[Given data]:
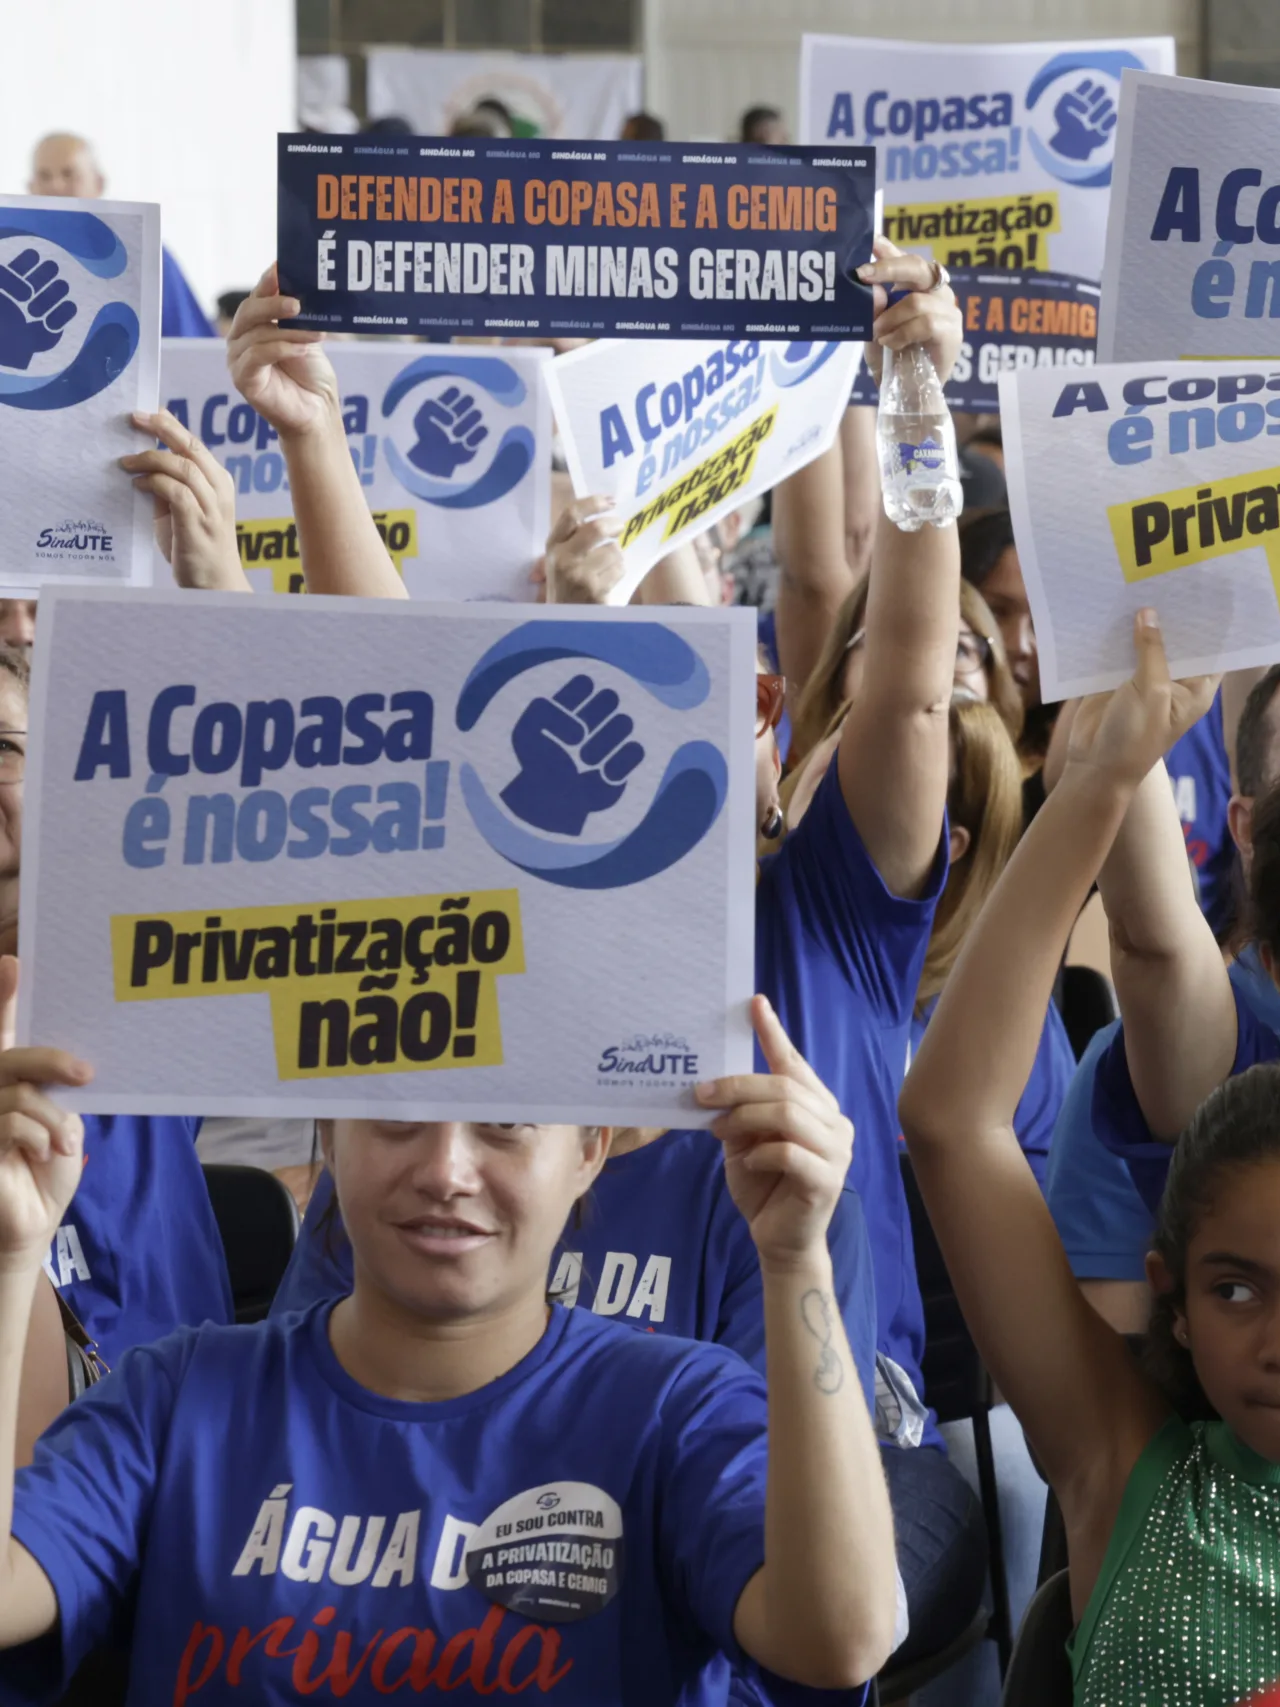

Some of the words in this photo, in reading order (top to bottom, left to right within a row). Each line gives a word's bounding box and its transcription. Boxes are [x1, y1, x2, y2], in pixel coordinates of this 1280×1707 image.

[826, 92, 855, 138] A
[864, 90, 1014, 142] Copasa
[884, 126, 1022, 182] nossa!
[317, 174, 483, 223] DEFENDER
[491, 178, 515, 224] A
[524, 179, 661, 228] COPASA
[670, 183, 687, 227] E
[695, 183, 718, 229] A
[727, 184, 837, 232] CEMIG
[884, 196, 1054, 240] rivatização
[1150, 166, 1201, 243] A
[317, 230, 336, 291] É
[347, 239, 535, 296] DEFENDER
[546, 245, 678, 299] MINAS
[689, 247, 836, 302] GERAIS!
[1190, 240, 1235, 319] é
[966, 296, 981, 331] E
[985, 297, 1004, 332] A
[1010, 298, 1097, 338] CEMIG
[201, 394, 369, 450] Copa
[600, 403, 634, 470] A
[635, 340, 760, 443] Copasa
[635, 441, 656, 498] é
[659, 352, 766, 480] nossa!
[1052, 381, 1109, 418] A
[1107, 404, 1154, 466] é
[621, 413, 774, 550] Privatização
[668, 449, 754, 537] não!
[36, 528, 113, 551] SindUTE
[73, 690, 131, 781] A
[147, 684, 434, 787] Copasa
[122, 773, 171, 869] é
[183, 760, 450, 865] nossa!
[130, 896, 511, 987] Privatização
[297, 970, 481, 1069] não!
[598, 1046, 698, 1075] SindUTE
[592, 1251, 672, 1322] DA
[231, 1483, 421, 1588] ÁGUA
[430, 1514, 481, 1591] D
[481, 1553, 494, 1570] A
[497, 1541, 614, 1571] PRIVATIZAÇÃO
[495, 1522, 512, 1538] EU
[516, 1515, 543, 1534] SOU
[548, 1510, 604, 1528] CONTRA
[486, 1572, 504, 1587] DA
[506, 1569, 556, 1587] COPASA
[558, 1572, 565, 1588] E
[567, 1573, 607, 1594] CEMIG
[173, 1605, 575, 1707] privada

[Task details]: Only lines holding "DEFENDER" are wanted; copy all of them from the listing.

[The answer]:
[317, 174, 483, 223] DEFENDER
[347, 239, 535, 296] DEFENDER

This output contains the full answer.